Thoughts? Is this idea crazy enough to be true?

Hello Garrett,

If you have time, can you explain this in more detail to non insiders like me? I don't understand how you can have ghosts that appear outside of the loops in Feynman diagrams.

This is what I know about ghosts:

You have some path integral that should be over physical field configurations but it is more convenient to integrate over potentials but then you get overcounting because of gauge symmetry. This can be solved by introducing ghost fields. In Feynman diagrams the ghost contributions will only appear in loops.

That's pretty much all I know about ghosts.

So, how does this "BRST ghost" differ from the Fadeev Popov ghost?

By your command,

Fadeev Popov ghosts and BRST ghosts are the same thing -- the BRST technique just adds some geometric flavor. So your understanding is fine.

When you say "introducing ghost fields" what this means is going back to the original Lagrangian and adding some fields and new terms to it. This is conventionally understood as a (necessary) mathematical trick. What I'm suggesting is that we take this mathematical trick seriously and consider these fields as being "really there." And that if we choose the right gauge fields to start with, some of these ghost fields behave exactly like our physical fermions.
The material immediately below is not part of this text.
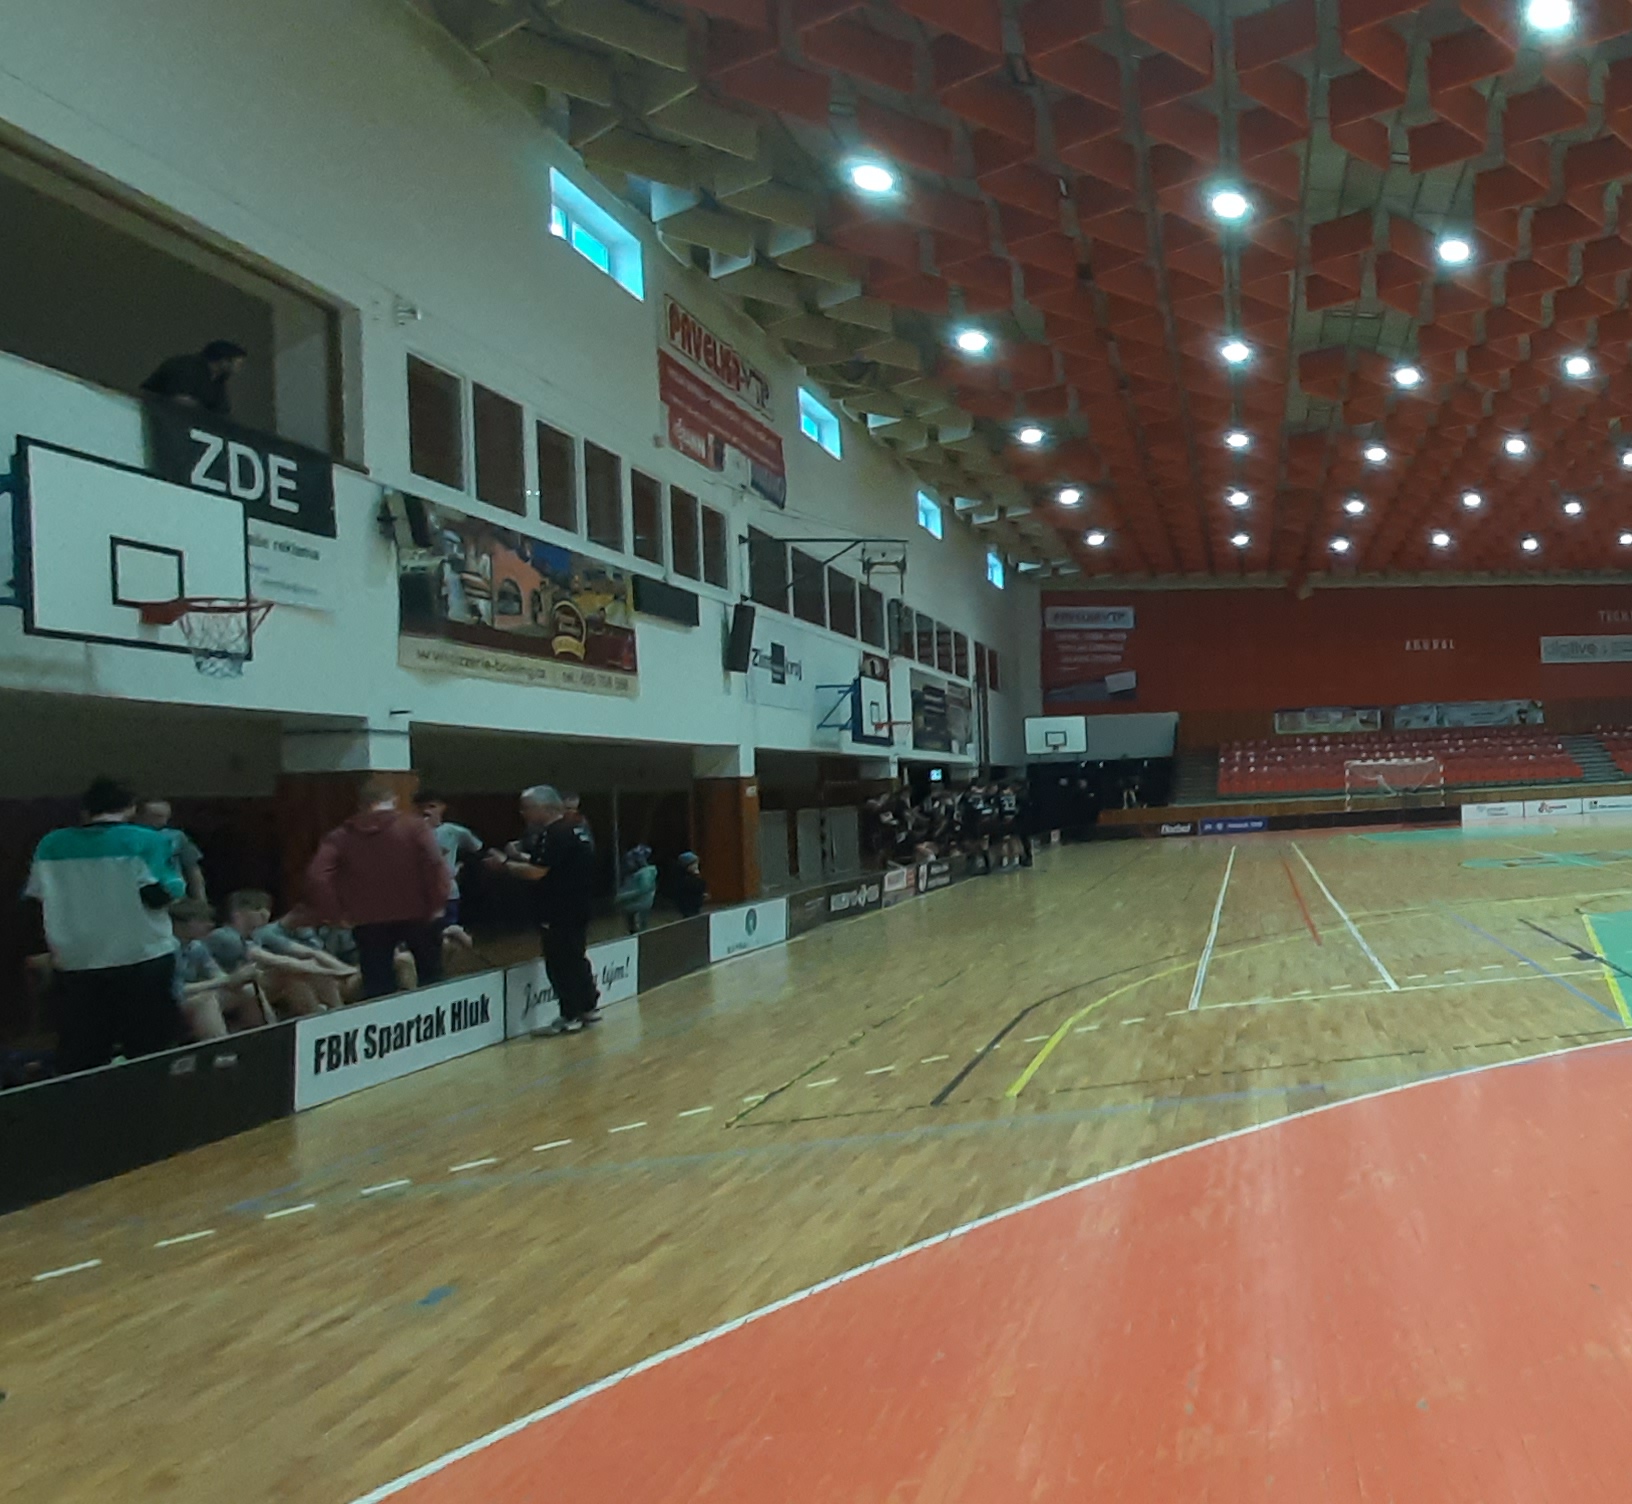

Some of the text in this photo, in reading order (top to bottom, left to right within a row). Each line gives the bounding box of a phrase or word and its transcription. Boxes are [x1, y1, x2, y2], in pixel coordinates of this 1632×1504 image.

[190, 428, 299, 513] ZDE
[314, 993, 490, 1075] FBK Spartak Hluk
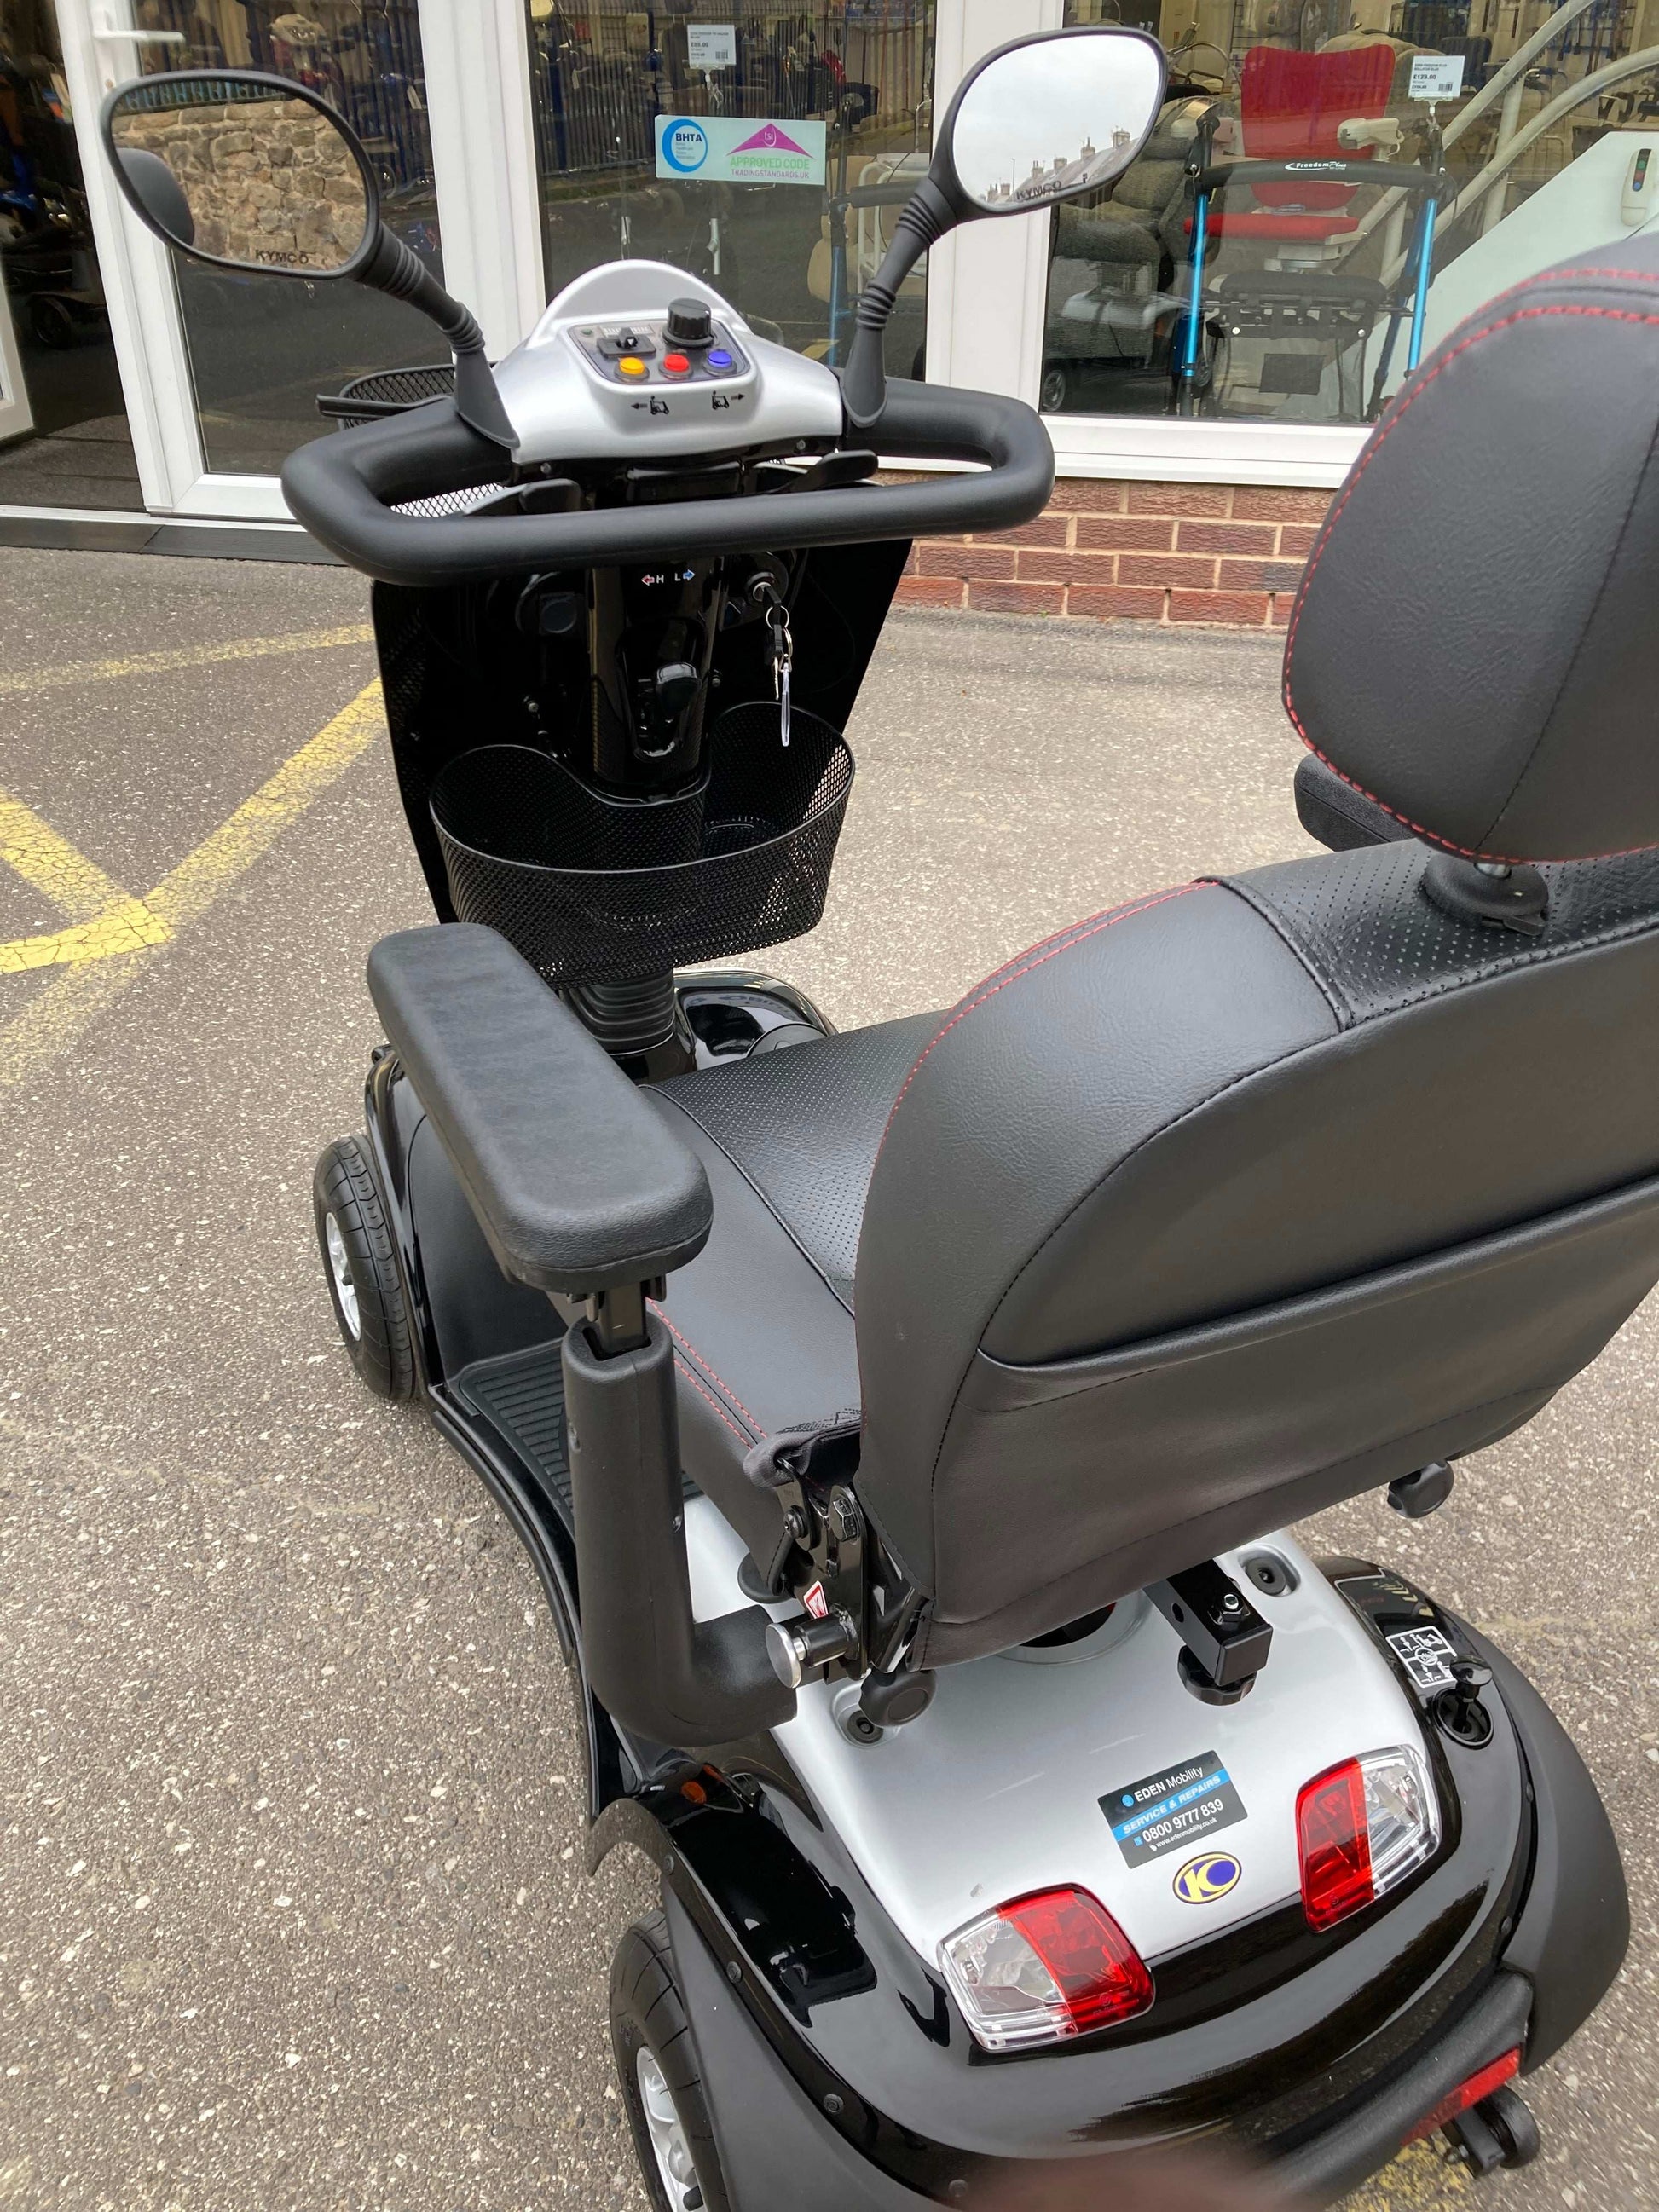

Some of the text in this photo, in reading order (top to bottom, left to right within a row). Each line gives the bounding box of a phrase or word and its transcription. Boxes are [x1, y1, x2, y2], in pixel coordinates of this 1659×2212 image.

Here's a one page description of the BRST technique on my wiki:

http://deferentialgeometry.org/#%5B%5BBRST%20technique%5D%5D

Here's a more thorough introduction to the BRST technique:

Aspects of BRST Quantization

And here's a paper I wrote a year ago detailing how to use this to get fermions:

Clifford bundle formulation of BF gravity generalized to the standard model

  • [deleted]

Thanks Garrett!

I have a very different picture for fermions. I believe that

the space is a quantum liquid of long strings or string-nets (whose sizes are of order of universe). Under this assumption, fermion are ends of open strings and gauge bosons are the quanta of the collective waves in the string liquid. In other words Fermi statistics and gauge interaction are unified under this string-net picture. The string-net theory for fermions has a prediction that all composite fermions must carry gauge charge. The string-net theory for fermions

also explains why all fermions must carry half-odd-integer spins. For details see http://dao.mit.edu/~wen/pub/uni.pdf

4 months later
  • [deleted]

Dear Garrett,

Thank you very much for the trouble you took to understand and revise this problem. I like to inform you that the ghosts are not physical fermions due to the wrong relationship between spin and statistics for them. Actually, spin-statistics relationship corresponds to micro-causality which is also very important to obtain unitarity of free quantum field theories as well as nonfree QFTs. Some problems of quantum Yang-Mills theory is why there exsists nonequvalence of choosing gauge condition (there is a bad gauge choice in which gauge condition intersects some orbits (classes of equvalent Yang-Mills fields) more than one (Gribov problem)). Also, for the same theory in a particular gauge condition there are no ghosts at all. Why is that? Also, the IR sector of this theory is not well known, maybe pure quantum Yang-Mills theory possesses the mass gap (gluons have masses producing glueballs i.e. confinement of gluons). This corresponds to the Clay Institute Millenium Prize Problem.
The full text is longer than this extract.